* _The task_: Print every record below exactly, minus the pictures.

* _Provided entries_:
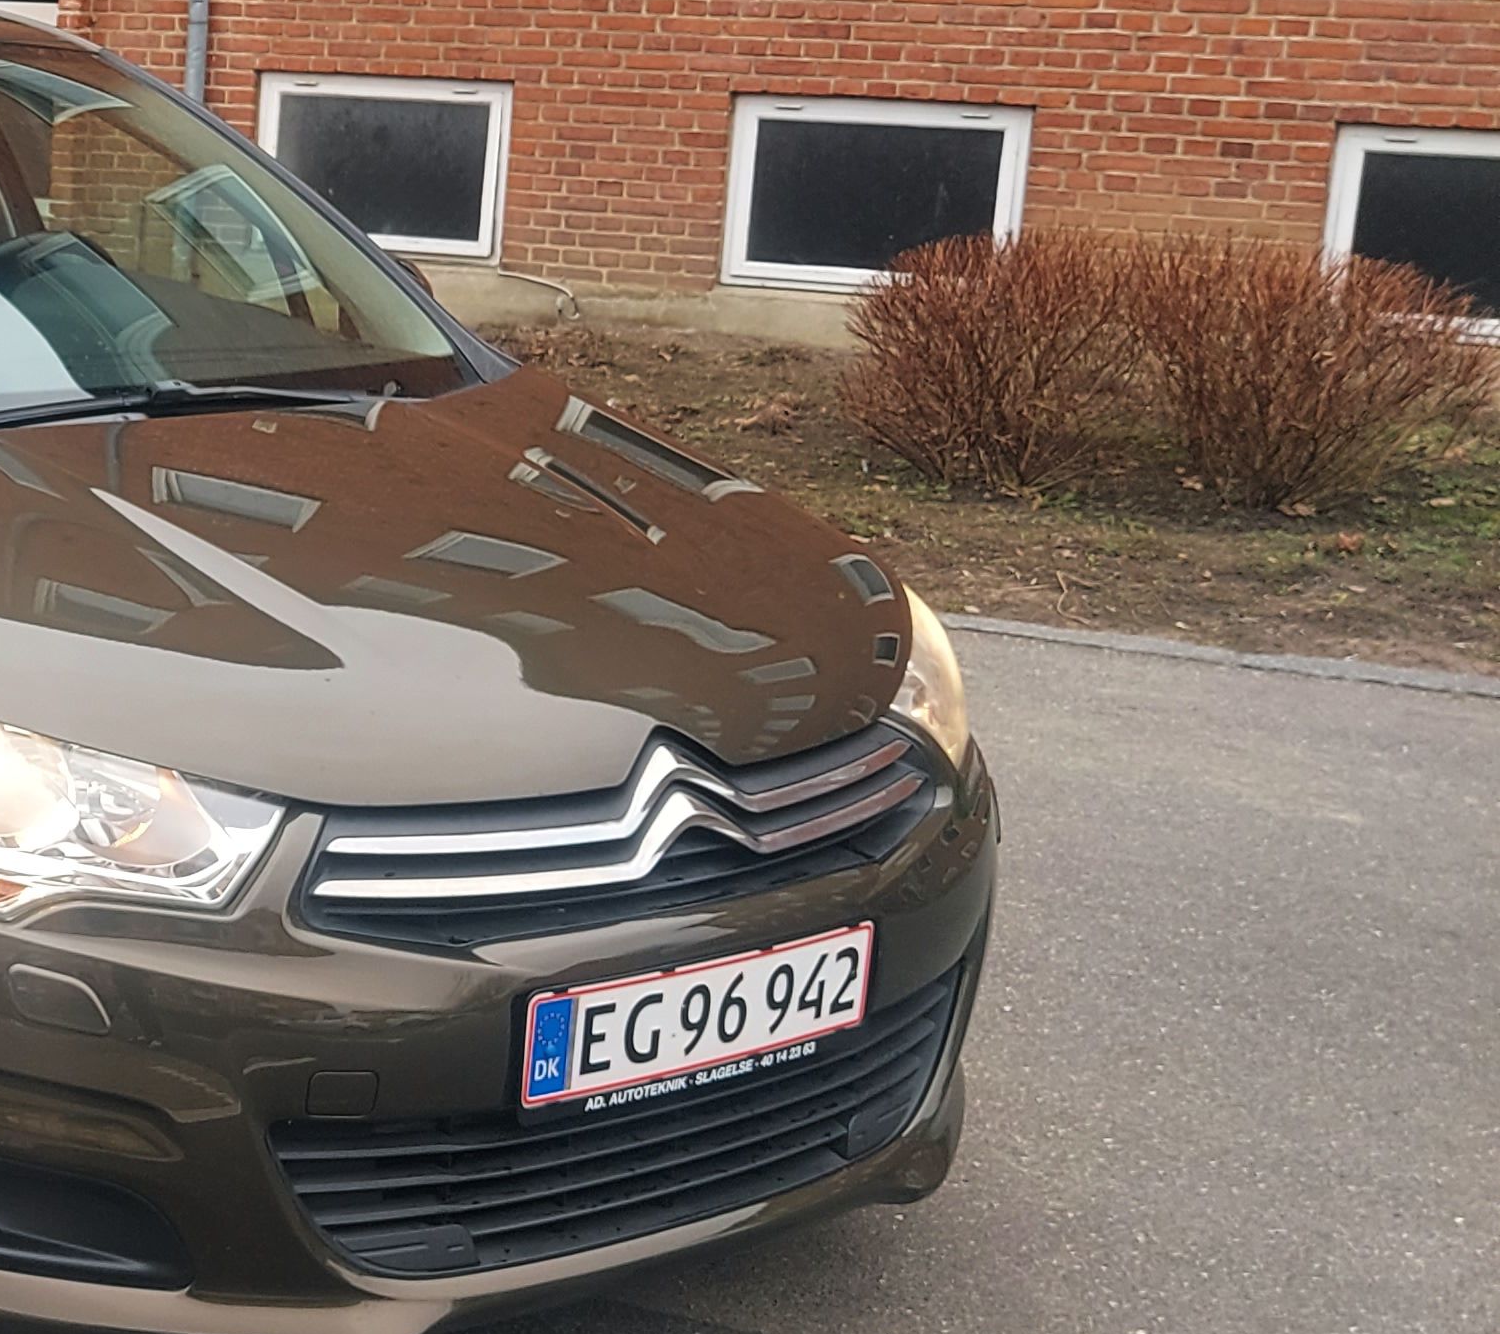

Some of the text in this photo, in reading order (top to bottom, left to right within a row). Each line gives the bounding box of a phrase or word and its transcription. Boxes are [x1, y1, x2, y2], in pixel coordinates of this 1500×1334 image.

[579, 946, 860, 1075] EG 96 942
[534, 1056, 560, 1081] DK
[608, 1076, 688, 1106] AUTOTEKNIK
[694, 1058, 755, 1085] SLAGELSE
[760, 1053, 775, 1067] 40
[776, 1049, 788, 1063] 14
[788, 1045, 802, 1060] 23
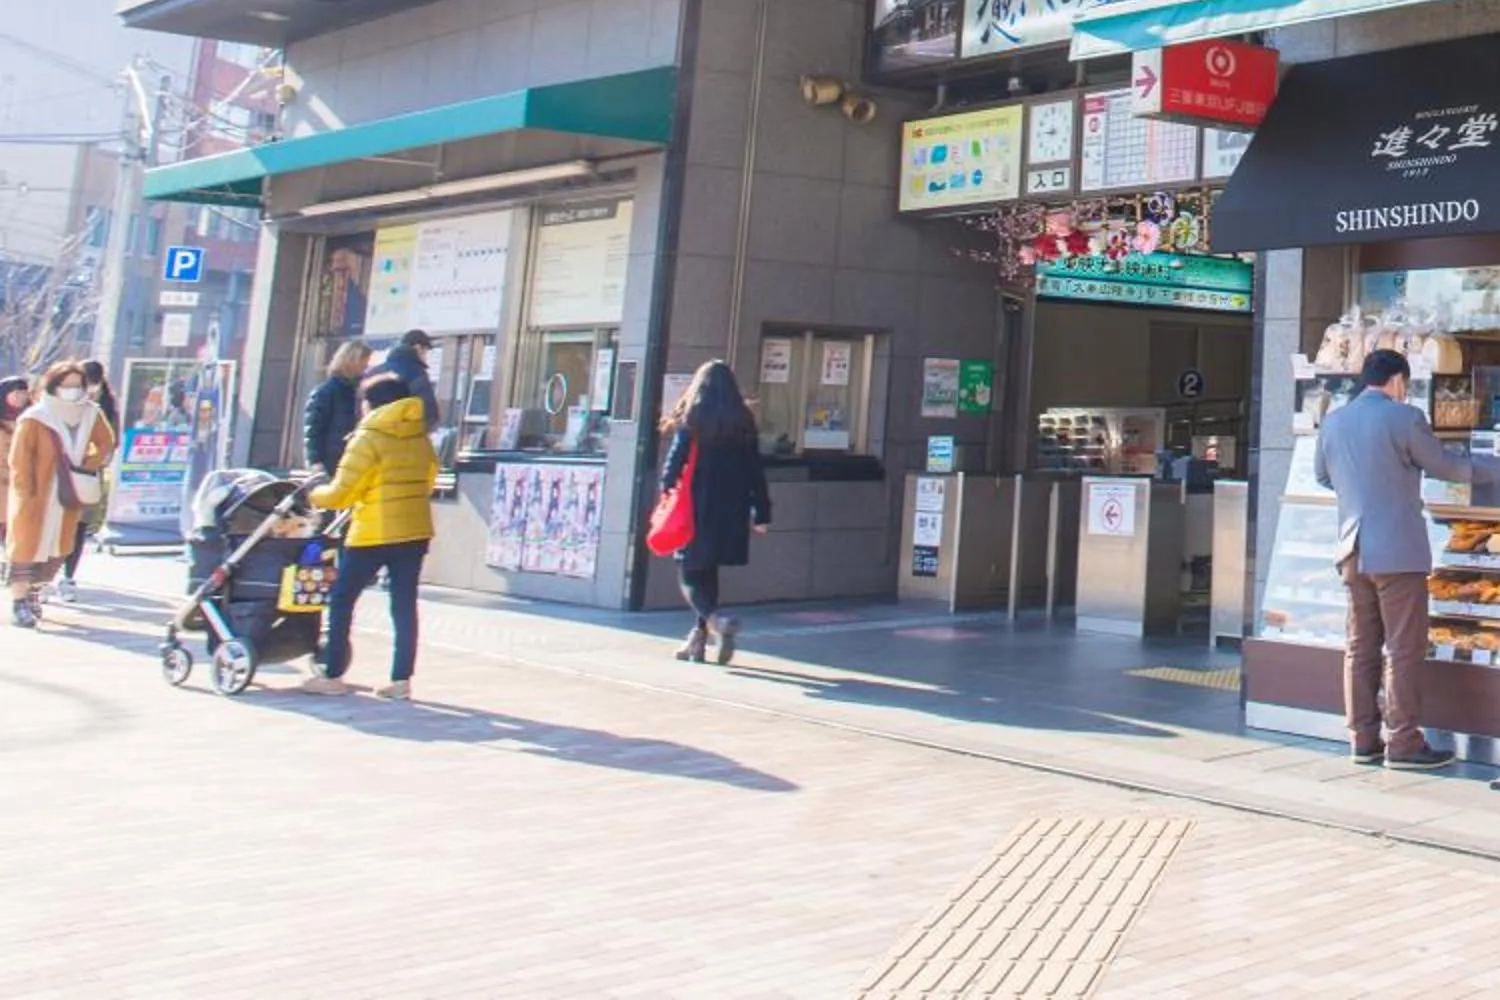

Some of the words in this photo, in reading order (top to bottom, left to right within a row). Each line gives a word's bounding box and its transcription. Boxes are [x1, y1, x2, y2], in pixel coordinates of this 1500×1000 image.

* _Solution to this task_:
Some of the text in this photo, in reading order (top to bottom, left to right within a row). Each line gives the bounding box of a phrase or word and its transcription. Boxes are [x1, y1, x2, y2], in pixel coordinates of this 1500×1334 image.

[579, 946, 860, 1075] EG 96 942
[534, 1056, 560, 1081] DK
[608, 1076, 688, 1106] AUTOTEKNIK
[694, 1058, 755, 1085] SLAGELSE
[760, 1053, 775, 1067] 40
[776, 1049, 788, 1063] 14
[788, 1045, 802, 1060] 23

Some of the words in this photo, in reading order (top to bottom, left to right within a row). Each line gives a word's bounding box and its transcription. Boxes are [x1, y1, x2, y2], in pixel coordinates of this 1500×1000 image.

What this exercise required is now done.